◆ Aim of the task: Give again every line from the one with "Some of the words" through the last line of the data, exactly, and leave out the lines before it.

Stored data entries:
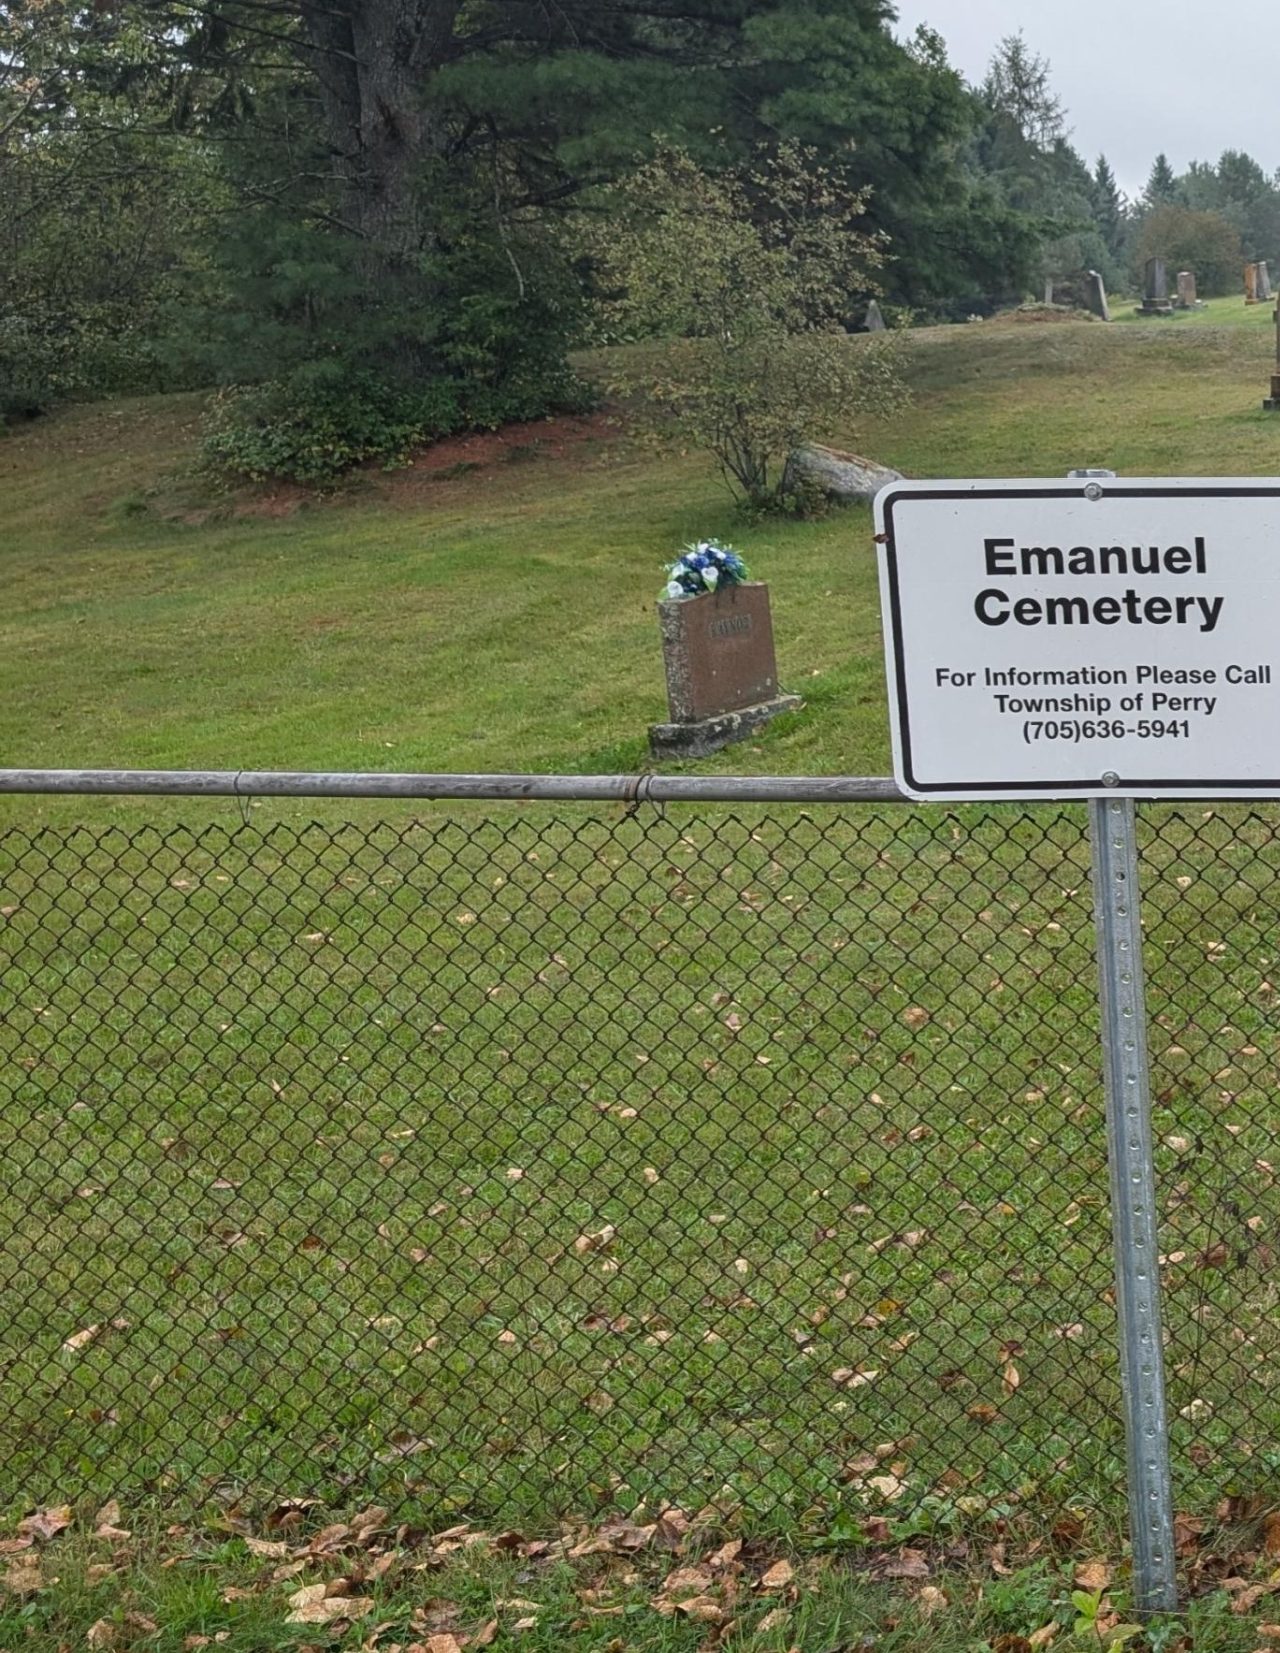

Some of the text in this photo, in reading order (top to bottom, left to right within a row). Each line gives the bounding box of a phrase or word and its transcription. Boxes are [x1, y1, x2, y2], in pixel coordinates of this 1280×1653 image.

[984, 537, 1207, 576] Emanuel
[974, 588, 1224, 633] Cemetery
[936, 664, 1271, 687] For Information Please Call
[994, 692, 1217, 716] Township of Perry
[1023, 719, 1190, 745] (705)636-5941
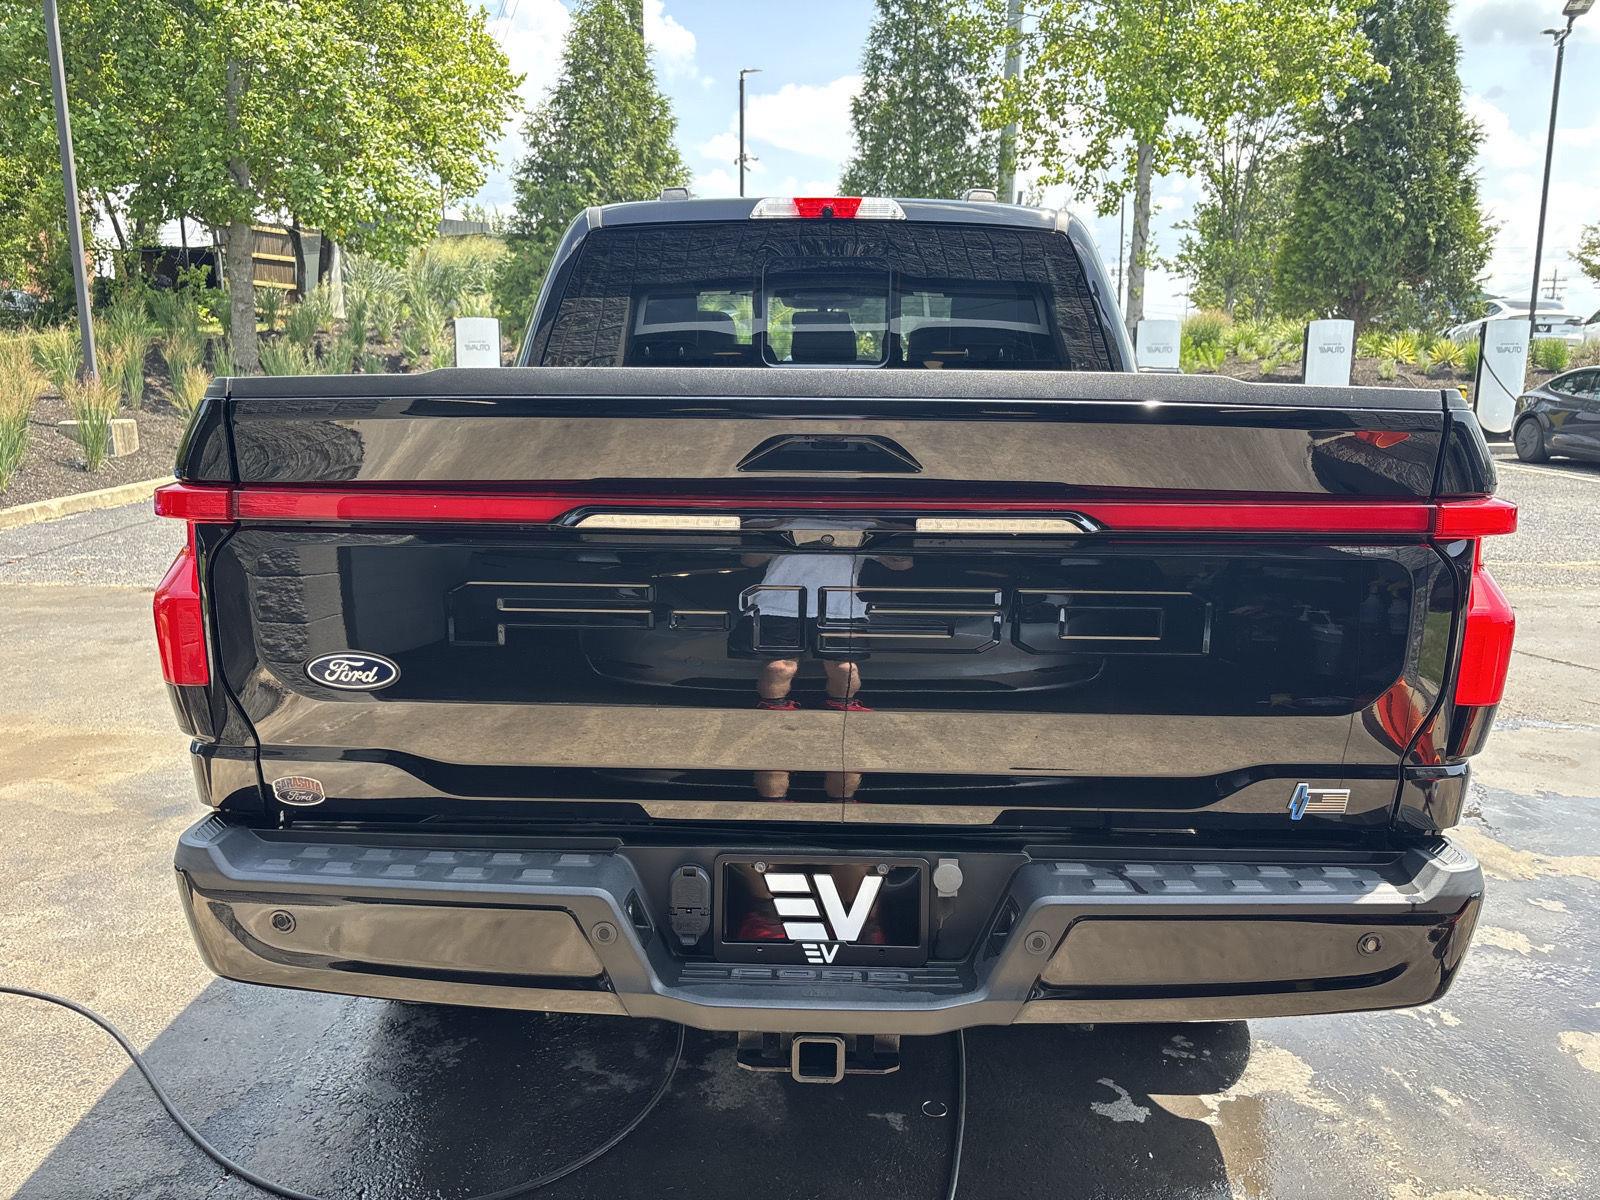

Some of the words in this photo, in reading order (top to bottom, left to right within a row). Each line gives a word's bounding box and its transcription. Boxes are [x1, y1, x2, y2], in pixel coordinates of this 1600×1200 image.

[324, 659, 378, 682] Ford
[275, 777, 322, 793] SARASOTA
[287, 791, 313, 800] Ford
[764, 874, 883, 941] EV
[802, 943, 840, 964] EV

◆ Answer box:
Some of the words in this photo, in reading order (top to bottom, left to right within a row). Each line gives a word's bounding box and its transcription. Boxes are [x1, y1, x2, y2], in pixel coordinates of this 1600×1200 image.

[324, 659, 378, 682] Ford
[275, 777, 322, 793] SARASOTA
[287, 791, 313, 800] Ford
[764, 874, 883, 941] EV
[802, 943, 840, 964] EV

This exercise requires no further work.